If you are able to hit on the source of the hesitation, you have a much greater chance of closing the deal right then and there. It’s not easy — you have to do it carefully and with empathy — but it can be done.

Tackling the issues

There are several different things that “I have to think about it” is code for, and you should have a strategy for dealing with each one:

I’m not ready to deal with it. People in bad situations like to hear about other people who’ve gone through the same thing and come out better on the other side. If someone is not emotionally ready to deal with their legal issue, talk to them about other clients who’ve faced the same problems and how you helped them deal with them. Tell your prospect how much better your clients felt after the ordeal was over. Let him or her talk about their emotions and show them how you will provide the support they need to make it through.

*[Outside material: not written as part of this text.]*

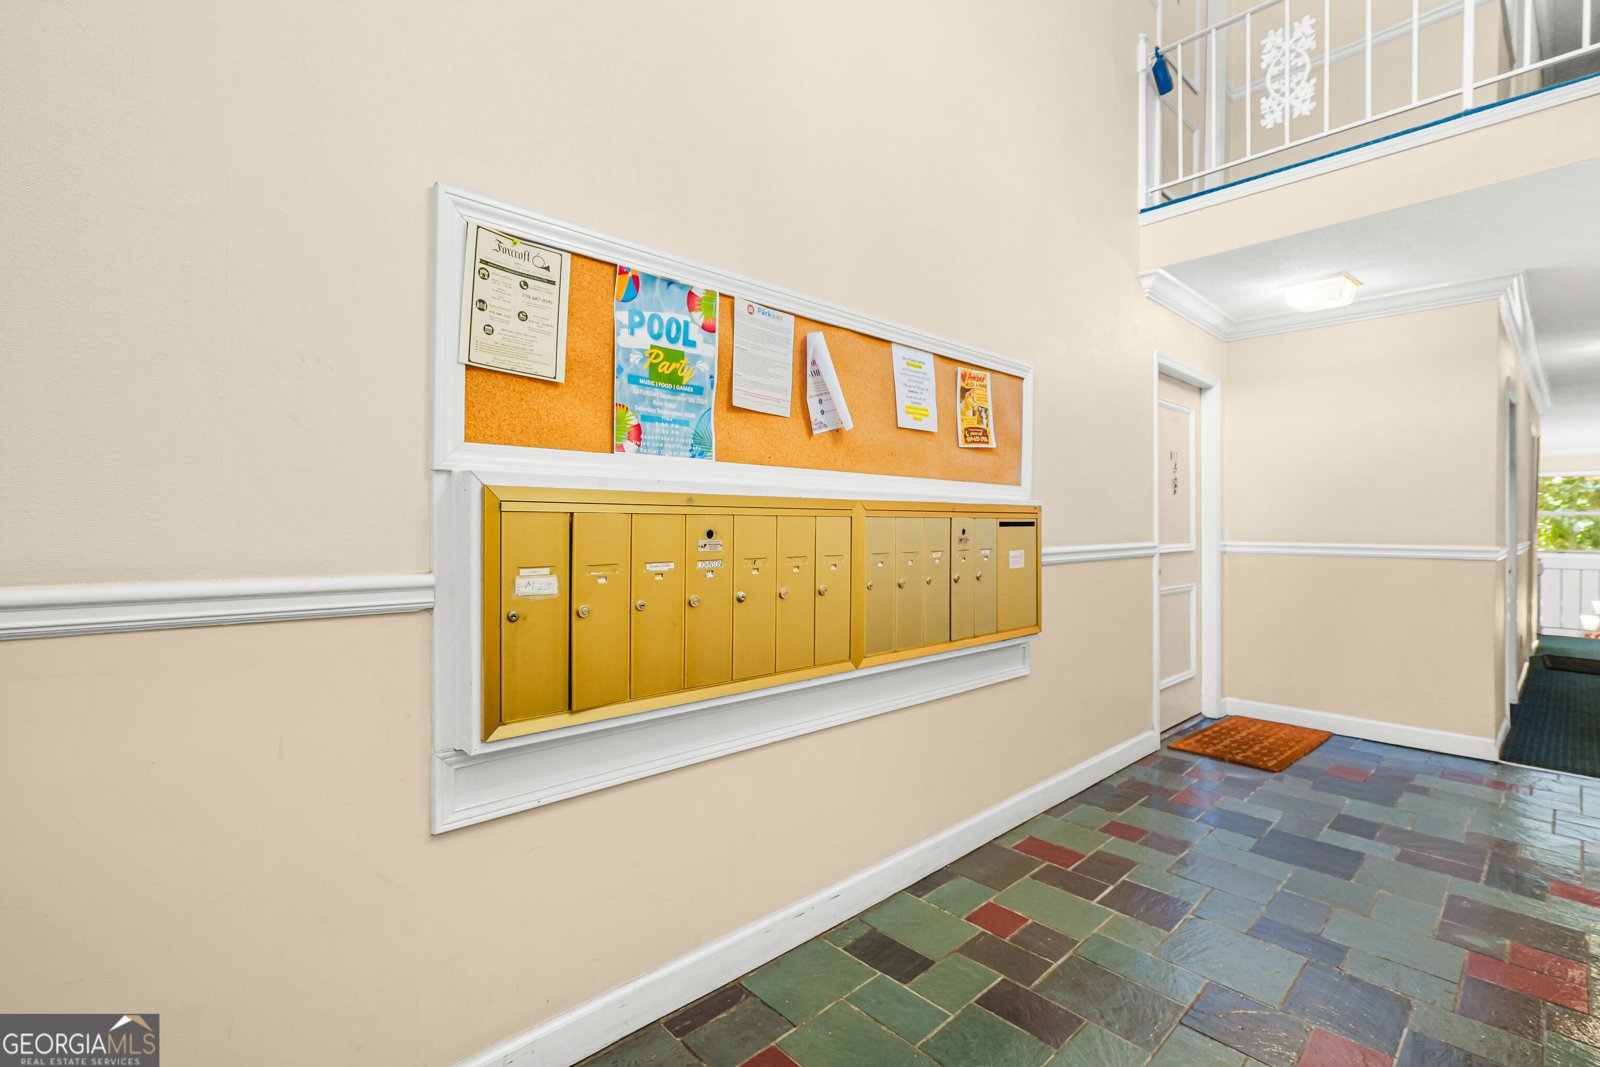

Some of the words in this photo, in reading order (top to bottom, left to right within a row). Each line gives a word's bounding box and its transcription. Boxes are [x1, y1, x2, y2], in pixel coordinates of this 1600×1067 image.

I don’t know how I’m going to pay for this. Just about everyone assumes that legal problems are expensive. Address the issue upfront with them, making sure they understand first how much the problem will cost them and then help them figure out how they can finance the solution.

I need to discuss this with my family. Talk about the discussion they will have with their family and figure out how you can make the discussion easier and more productive for them.

I don’t trust you. The best solution to this is to continue the conversation as long as it takes for the prospect to begin to feel they can trust you. Listen more. Empathize more.

I find this too overwhelming. Most clients have no idea how complex legal issues can be. Once you start explaining it, it can be overwhelming. If you get the feeling this is the reason for your prospect’s hesitation, break the process down into manageable parts and come up with a manageable plan.